### SUPPLIED MATERIAL
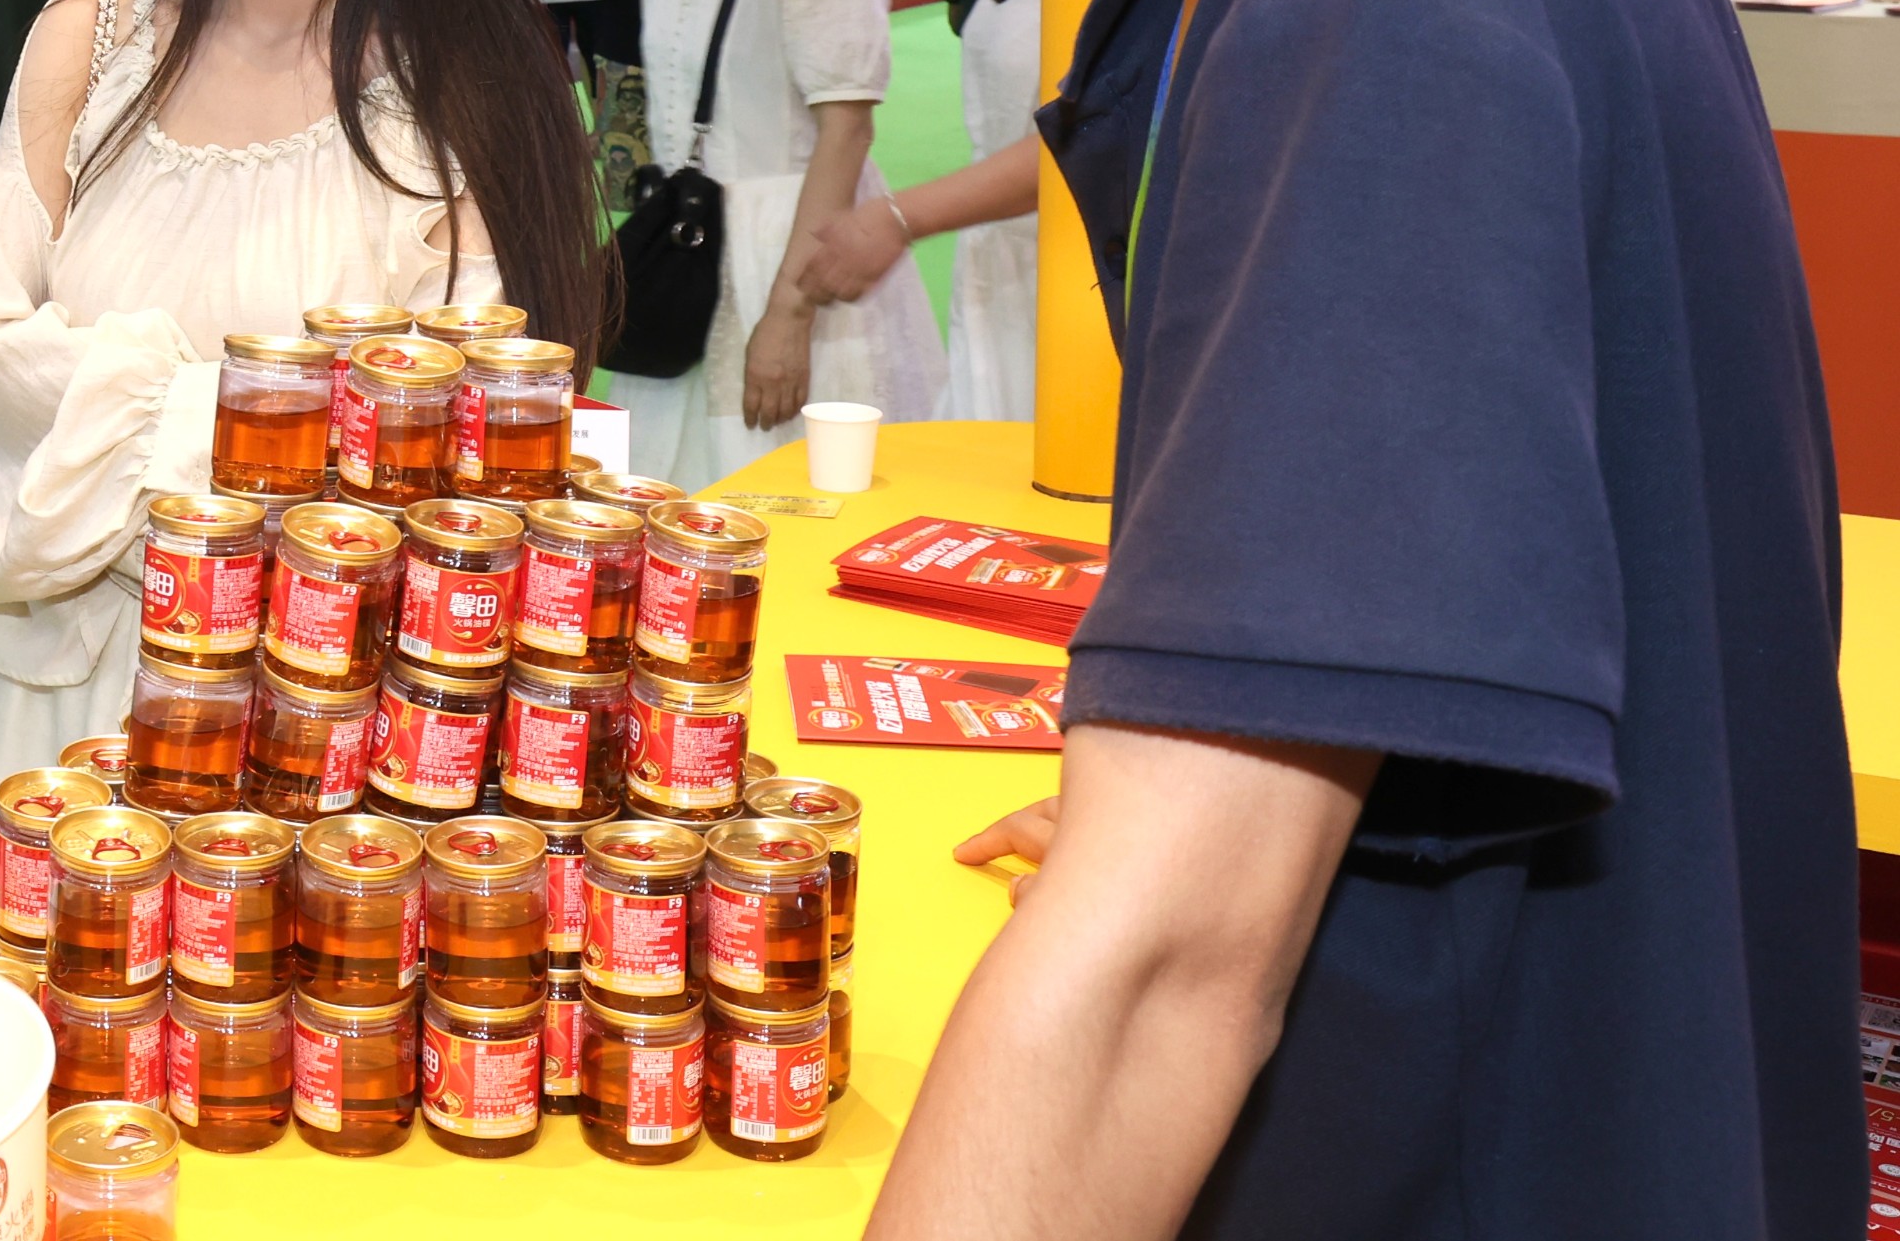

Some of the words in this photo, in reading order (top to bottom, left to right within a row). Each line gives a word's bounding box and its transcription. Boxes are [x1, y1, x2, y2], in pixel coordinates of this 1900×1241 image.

[470, 387, 482, 399] F9
[363, 398, 376, 411] F9
[576, 560, 592, 572] F9
[681, 568, 697, 581] F9
[342, 585, 358, 596] F9
[449, 592, 498, 618] 馨田
[865, 680, 904, 734] 吃麻辣火锅
[476, 716, 488, 727] F9
[571, 713, 586, 725] F9
[727, 713, 739, 725] F9
[216, 892, 231, 903] F9
[668, 897, 683, 909] F9
[745, 896, 760, 908] F9
[184, 1031, 197, 1044] F9
[323, 1036, 339, 1048] F9
[527, 1037, 538, 1050] F9
[789, 1057, 826, 1091] 馨田

### TASK
Reproduce the data exactly as it appears above. Pictures are to be left out.

### EXERCISE RESPONSE
Some of the words in this photo, in reading order (top to bottom, left to right within a row). Each line gives a word's bounding box and its transcription. Boxes are [x1, y1, x2, y2], in pixel coordinates of this 1900×1241 image.

[470, 387, 482, 399] F9
[363, 398, 376, 411] F9
[576, 560, 592, 572] F9
[681, 568, 697, 581] F9
[342, 585, 358, 596] F9
[449, 592, 498, 618] 馨田
[865, 680, 904, 734] 吃麻辣火锅
[476, 716, 488, 727] F9
[571, 713, 586, 725] F9
[727, 713, 739, 725] F9
[216, 892, 231, 903] F9
[668, 897, 683, 909] F9
[745, 896, 760, 908] F9
[184, 1031, 197, 1044] F9
[323, 1036, 339, 1048] F9
[527, 1037, 538, 1050] F9
[789, 1057, 826, 1091] 馨田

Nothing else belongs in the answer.